Comme d’habitude, le Carré éblouit. Chacun de ses personnages est bien campé, nuancé, crédible. Smiley est particulièrement attachant. Et toujours ces multiples identités qu’ils transportent avec eux, comme une métaphore de leur personnalité complexe impossible à réduire à quelques traits de caractère simplistes. L’auteur nous initie également à ce monde underground, glauque, ces guerres secrètes et parfois meurtrières que se font les pays sous prétexte de sécurité et dont l’argent et le pouvoir sont comme toujours le carburant.

Jim Prideaux arriva un vendredi sous la pluie battante. La pluie déferlait comme la fumée d’une canonnade sur les combes brunes des Quantocks (des collines anglaises), puis balayait les terrains de cricket déserts pour fouetter le grès des vieilles façades. Il arriva juste après le déjeuner, au volant d’une vieille Alvis rouge, avec en remorque une caravane d’occasion qui jadis avait été bleue. Les débuts d’après-midi au collège Thursgood sont une période tranquille, une courte trêve interrompant le combat incessant qu’est chaque jour de classe. On envoie les élèves faire la sieste dans leurs dortoirs, les professeurs prennent le café dans la salle commune en lisant les journaux ou en corrigeant les devoirs. Thursgood lit un roman à sa mère. De tout l’établissement, donc seul le petit Bill Roach assista en fait à l’arrivée de Jim, vit la vapeur qui jaillissait du capot de l’Alvis tandis qu’il dévalait en hoquetant l’allée du gravier, les essuie-glaces fonctionnant à toute vitesse et la caravane frémissant à sa poursuite en franchissant les flaques.

La taupe a donné lieu à deux adaptations cinématographiques (Wikipedia).

John le Carré, La taupe, premier tome de La trilogie de Karla, Éditions du Seuil, 1974, 380 pages

La maison Russie

Je sors de chacun des romans de John le Carré abasourdie par le talent de cet homme. Tout y est maîtrisé : le style, les personnages, l’intrigue, la construction du récit.

Celui-ci nous entraîne une fois de plus dans les obscurs souterrains des services secrets britanniques et américains.

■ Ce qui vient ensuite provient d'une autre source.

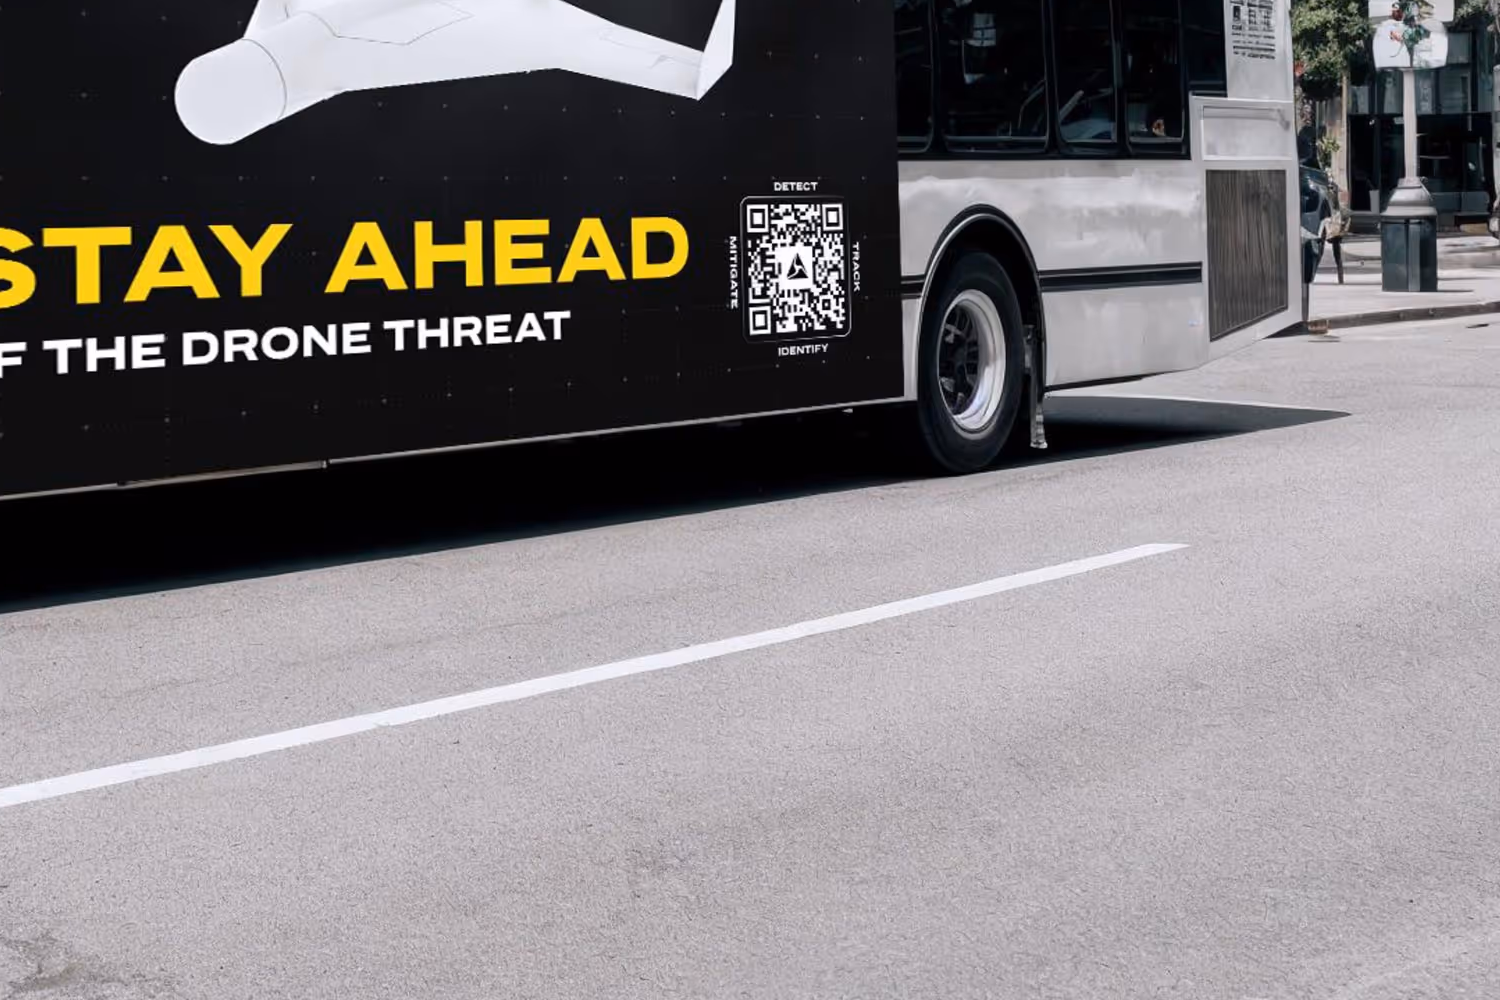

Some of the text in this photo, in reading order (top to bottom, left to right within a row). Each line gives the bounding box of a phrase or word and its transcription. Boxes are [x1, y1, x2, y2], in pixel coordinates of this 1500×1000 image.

[774, 182, 818, 191] DETECT
[325, 217, 690, 293] AHEAD
[729, 235, 739, 309] MITIGATE
[852, 241, 861, 292] TRACK
[43, 334, 165, 374] THE
[182, 322, 371, 365] DRONE
[383, 311, 571, 351] THREAT
[778, 343, 829, 356] IDENTIFY
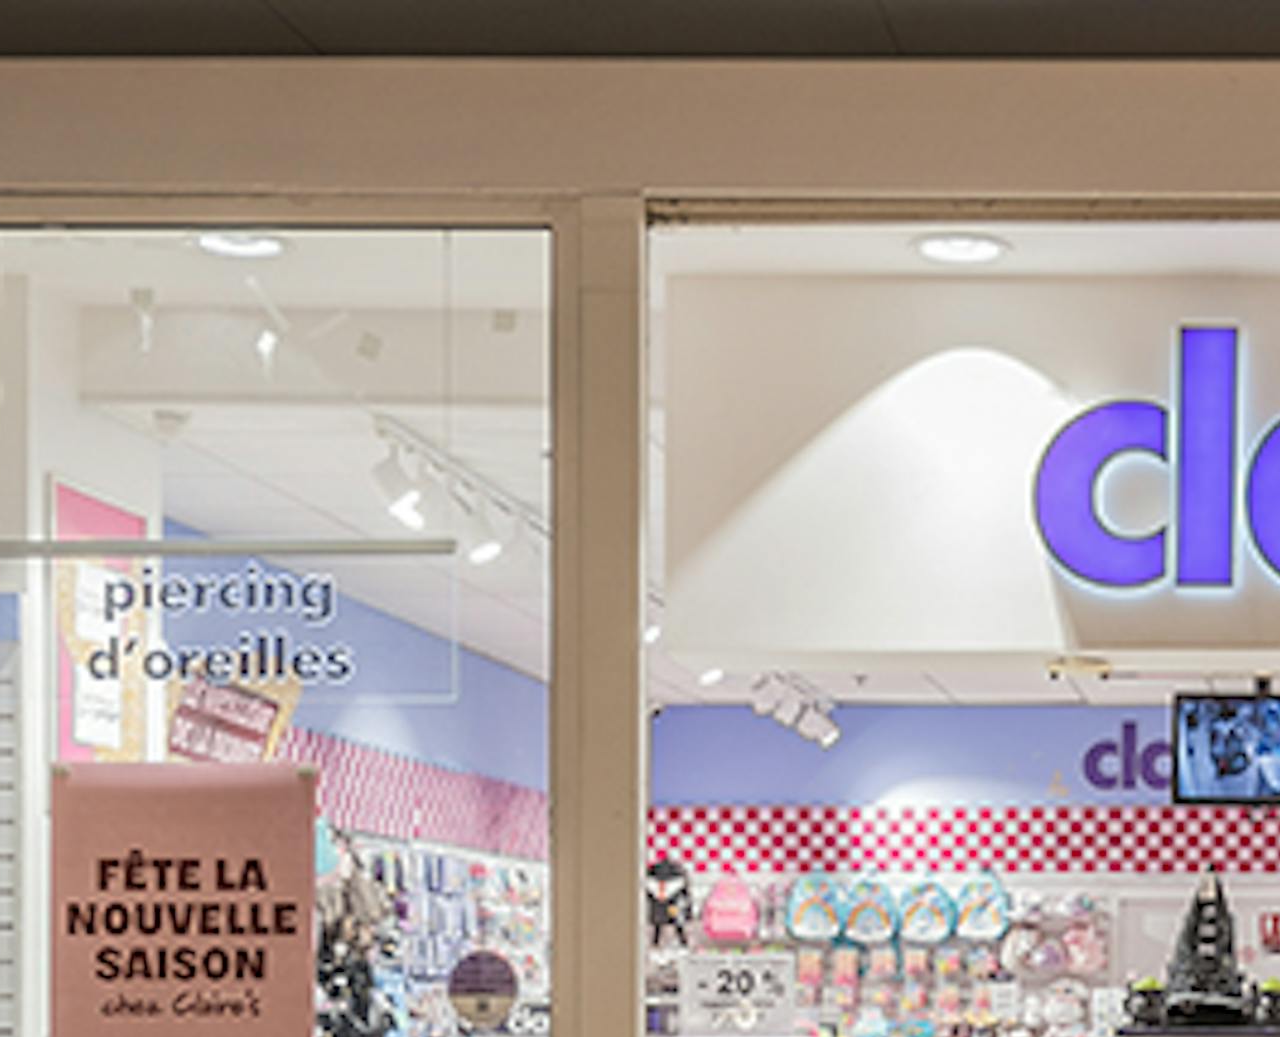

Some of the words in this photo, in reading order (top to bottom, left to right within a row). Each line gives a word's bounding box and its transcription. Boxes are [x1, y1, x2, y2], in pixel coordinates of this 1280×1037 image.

[104, 566, 333, 622] piercing
[88, 635, 351, 680] d'oreilles
[97, 850, 201, 891] FÊTE
[217, 859, 267, 891] LA
[67, 904, 297, 935] NOUVELLE
[95, 947, 265, 980] SAISON

imagesLors d’un salon du livre, à Moscou, une très belle Russe, Katia, confie à un éditeur, Niki Landau, des cahiers manuscrits qu’elle lui demande de remettre en mains propres à son voisin de kiosque, monsieur Blair, malheureusement absent. À l’occasion d’un de ses voyages en Russie, Bartholomew Scott Blair, Barley pour les intimes, avait fait la connaissance d’un étrange personnage, Goethe, un savant un peu fou, physicien travaillant au développement de l’arsenal atomique du pays. Au terme d’une soirée très arrosée, Goethe, séduit par le discours humaniste de l’éditeur, avait supplié celui-ci de publier un livre en cours d’écriture et qu’il lui remettrait à son prochain passage en Russie. Sans en dévoiler le contenu, Goethe avait fait comprendre à Barley qu’il faisait appel à son courage et son humanisme. Ce dernier avait réussi de peine et de misère à se défaire de cet illuminé. C’est ce document que Landau rapporte en Angleterre. Incapable de trouver Barley Blair, paniqué par ce qu’il saisit du contenu, Landau s’empresse de remettre cette patate chaude au Renseignement britannique. Une bombe! Les cahiers du savant font la démonstration de la faiblesse des Soviétiques en matière d’armes nucléaires et de leur incapacité à soutenir un conflit. Est-ce réel? Goethe est-il véritablement un savant repentant ou un agent à la solde du pays? Veut-il vraiment dénoncer les mensonges du régime ou le régime essaie-t-il de tromper l’Occident sur les capacités nucléaires de l’URSS?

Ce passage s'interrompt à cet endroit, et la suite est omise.